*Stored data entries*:
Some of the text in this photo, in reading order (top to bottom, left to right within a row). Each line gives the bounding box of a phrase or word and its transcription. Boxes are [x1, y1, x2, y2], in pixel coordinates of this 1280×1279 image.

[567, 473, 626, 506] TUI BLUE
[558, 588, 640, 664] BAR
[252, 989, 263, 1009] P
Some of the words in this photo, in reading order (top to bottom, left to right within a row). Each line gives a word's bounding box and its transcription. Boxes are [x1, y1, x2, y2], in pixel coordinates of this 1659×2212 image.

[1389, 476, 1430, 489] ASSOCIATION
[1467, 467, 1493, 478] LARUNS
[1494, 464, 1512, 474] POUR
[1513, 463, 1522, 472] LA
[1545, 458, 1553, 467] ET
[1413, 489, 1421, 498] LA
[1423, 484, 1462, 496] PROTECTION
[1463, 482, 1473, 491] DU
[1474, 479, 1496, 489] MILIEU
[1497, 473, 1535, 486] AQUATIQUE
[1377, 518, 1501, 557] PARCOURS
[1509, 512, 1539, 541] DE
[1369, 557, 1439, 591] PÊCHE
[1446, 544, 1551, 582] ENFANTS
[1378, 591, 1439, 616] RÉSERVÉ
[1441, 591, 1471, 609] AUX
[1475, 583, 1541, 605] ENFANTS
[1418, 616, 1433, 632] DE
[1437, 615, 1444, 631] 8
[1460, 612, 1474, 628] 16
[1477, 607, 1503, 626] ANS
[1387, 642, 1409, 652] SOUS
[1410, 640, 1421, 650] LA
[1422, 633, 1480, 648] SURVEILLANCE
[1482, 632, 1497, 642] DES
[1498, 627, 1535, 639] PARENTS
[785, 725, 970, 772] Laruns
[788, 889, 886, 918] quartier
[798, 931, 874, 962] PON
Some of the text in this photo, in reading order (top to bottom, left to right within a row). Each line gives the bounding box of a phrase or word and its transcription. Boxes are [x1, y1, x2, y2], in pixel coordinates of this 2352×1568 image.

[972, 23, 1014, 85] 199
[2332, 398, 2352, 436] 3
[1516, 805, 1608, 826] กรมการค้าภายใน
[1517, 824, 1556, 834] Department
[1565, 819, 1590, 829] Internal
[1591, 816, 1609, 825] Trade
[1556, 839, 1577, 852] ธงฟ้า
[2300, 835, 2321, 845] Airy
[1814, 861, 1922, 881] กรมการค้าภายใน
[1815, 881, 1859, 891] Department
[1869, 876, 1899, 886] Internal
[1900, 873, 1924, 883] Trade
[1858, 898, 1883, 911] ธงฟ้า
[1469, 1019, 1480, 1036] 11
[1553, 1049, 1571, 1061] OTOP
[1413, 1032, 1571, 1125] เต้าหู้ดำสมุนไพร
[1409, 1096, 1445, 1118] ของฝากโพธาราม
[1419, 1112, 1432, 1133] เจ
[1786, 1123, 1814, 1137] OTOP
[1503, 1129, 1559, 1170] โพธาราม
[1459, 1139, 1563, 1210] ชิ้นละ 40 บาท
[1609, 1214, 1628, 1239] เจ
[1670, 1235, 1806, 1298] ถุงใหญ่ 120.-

*Activity*: The output should be a character-exact copy of all entries.

*Task answer*:
Some of the text in this photo, in reading order (top to bottom, left to right within a row). Each line gives the bounding box of a phrase or word and its transcription. Boxes are [x1, y1, x2, y2], in pixel coordinates of this 1280×1279 image.

[567, 473, 626, 506] TUI BLUE
[558, 588, 640, 664] BAR
[252, 989, 263, 1009] P
Some of the words in this photo, in reading order (top to bottom, left to right within a row). Each line gives a word's bounding box and its transcription. Boxes are [x1, y1, x2, y2], in pixel coordinates of this 1659×2212 image.

[1389, 476, 1430, 489] ASSOCIATION
[1467, 467, 1493, 478] LARUNS
[1494, 464, 1512, 474] POUR
[1513, 463, 1522, 472] LA
[1545, 458, 1553, 467] ET
[1413, 489, 1421, 498] LA
[1423, 484, 1462, 496] PROTECTION
[1463, 482, 1473, 491] DU
[1474, 479, 1496, 489] MILIEU
[1497, 473, 1535, 486] AQUATIQUE
[1377, 518, 1501, 557] PARCOURS
[1509, 512, 1539, 541] DE
[1369, 557, 1439, 591] PÊCHE
[1446, 544, 1551, 582] ENFANTS
[1378, 591, 1439, 616] RÉSERVÉ
[1441, 591, 1471, 609] AUX
[1475, 583, 1541, 605] ENFANTS
[1418, 616, 1433, 632] DE
[1437, 615, 1444, 631] 8
[1460, 612, 1474, 628] 16
[1477, 607, 1503, 626] ANS
[1387, 642, 1409, 652] SOUS
[1410, 640, 1421, 650] LA
[1422, 633, 1480, 648] SURVEILLANCE
[1482, 632, 1497, 642] DES
[1498, 627, 1535, 639] PARENTS
[785, 725, 970, 772] Laruns
[788, 889, 886, 918] quartier
[798, 931, 874, 962] PON
Some of the text in this photo, in reading order (top to bottom, left to right within a row). Each line gives the bounding box of a phrase or word and its transcription. Boxes are [x1, y1, x2, y2], in pixel coordinates of this 2352×1568 image.

[972, 23, 1014, 85] 199
[2332, 398, 2352, 436] 3
[1516, 805, 1608, 826] กรมการค้าภายใน
[1517, 824, 1556, 834] Department
[1565, 819, 1590, 829] Internal
[1591, 816, 1609, 825] Trade
[1556, 839, 1577, 852] ธงฟ้า
[2300, 835, 2321, 845] Airy
[1814, 861, 1922, 881] กรมการค้าภายใน
[1815, 881, 1859, 891] Department
[1869, 876, 1899, 886] Internal
[1900, 873, 1924, 883] Trade
[1858, 898, 1883, 911] ธงฟ้า
[1469, 1019, 1480, 1036] 11
[1553, 1049, 1571, 1061] OTOP
[1413, 1032, 1571, 1125] เต้าหู้ดำสมุนไพร
[1409, 1096, 1445, 1118] ของฝากโพธาราม
[1419, 1112, 1432, 1133] เจ
[1786, 1123, 1814, 1137] OTOP
[1503, 1129, 1559, 1170] โพธาราม
[1459, 1139, 1563, 1210] ชิ้นละ 40 บาท
[1609, 1214, 1628, 1239] เจ
[1670, 1235, 1806, 1298] ถุงใหญ่ 120.-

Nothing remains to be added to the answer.